英ケンブリッジ大学持続可能性リーダーシップ研究所のシーガ持続可能金融研究部長は「このプロセスは日本だけでなく、誰にとっても容易ではない。だからこそネットワークを広げることが大切」と語る。30年の歴史を誇る同研究所は間違いなくその手掛かりになる。そして人工知能(AI)などテクノロジーの急速な進歩でわれわれは便利なツールを手に入れつつある。
米サンフランシスコ・ベイエリアのスタートアップ「427」は7月下旬、格付け会社ムーディーズに買収された。女性創業者マッツァクラーティ氏は12年10月、ハリケーン・サンディに直撃された金融都市ニューヨークや巨大投資銀行が無力化するのを目の当たりにし、社会的起業を決意した。
科学者が持つ気象データを市場に結びつけ、企業や政策決定者に行動を促すのが狙いだった。427のセールスポイントは気候変動の経済的リスクを算定して値段をつけることだ。市場はすでに気候変動リスクを社債や国債の格付けに取り込み始めている。427のフレイタス氏は日本を訪れ、日本が抱える物理的リスクを投資家に説いた。同氏は「反応は上々だよ」と語る。

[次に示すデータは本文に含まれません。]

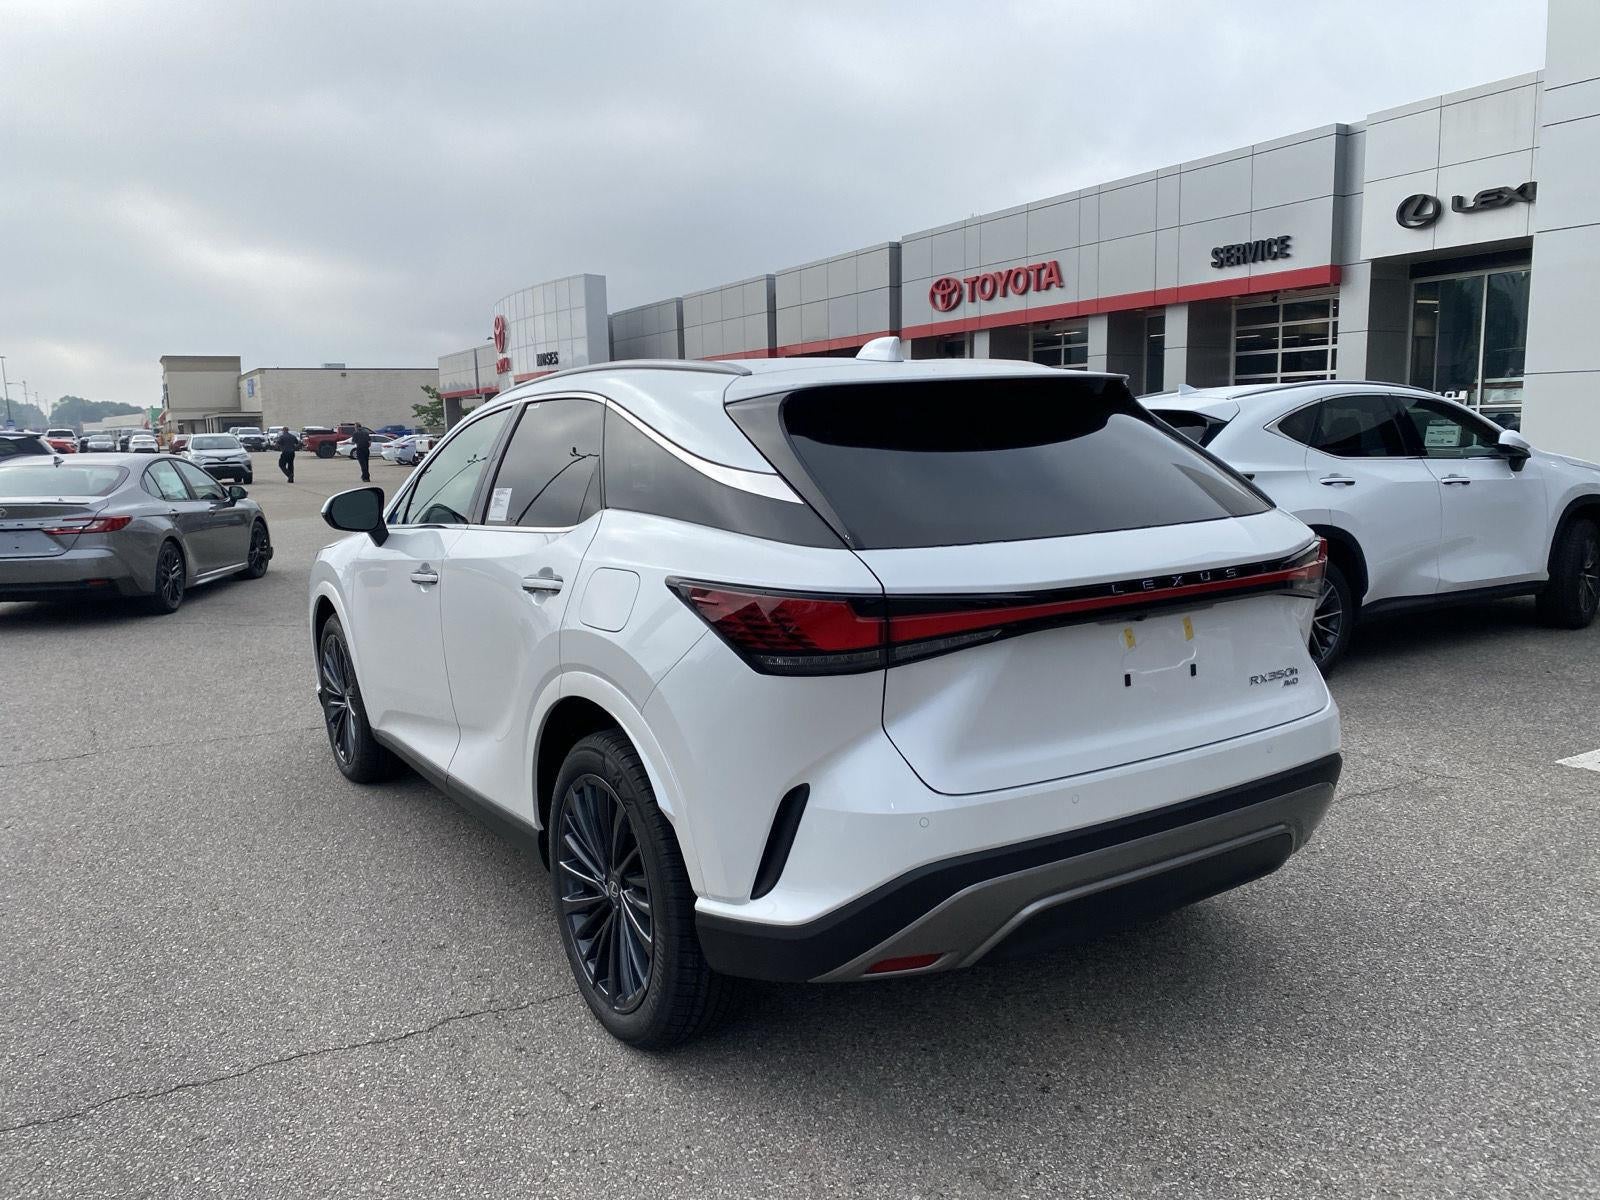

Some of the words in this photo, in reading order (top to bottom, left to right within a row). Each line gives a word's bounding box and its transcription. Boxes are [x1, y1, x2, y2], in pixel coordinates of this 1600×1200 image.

スウェーデンのグレタ・トゥーンベリさん(16)が温暖化対策の強化を訴えた学校ストは世界中に広がった。また、ロンドンでは2025年までに温室効果ガスの排出量をゼロに抑える社会運動「絶滅への反逆」の座り込みで逮捕者が1000人を上回った。BPへの抗議活動もエスカレートする。こうした世論を追い風に、欧州委の技術専門委員会が「石炭や天然ガスを使った火力発電は持続可能金融の基準を満たさない。原子力発電も持続可能ではない」という案をまとめたが、EU首脳会議では、石炭に頼るポーランドやチェコの強い反発が予想される。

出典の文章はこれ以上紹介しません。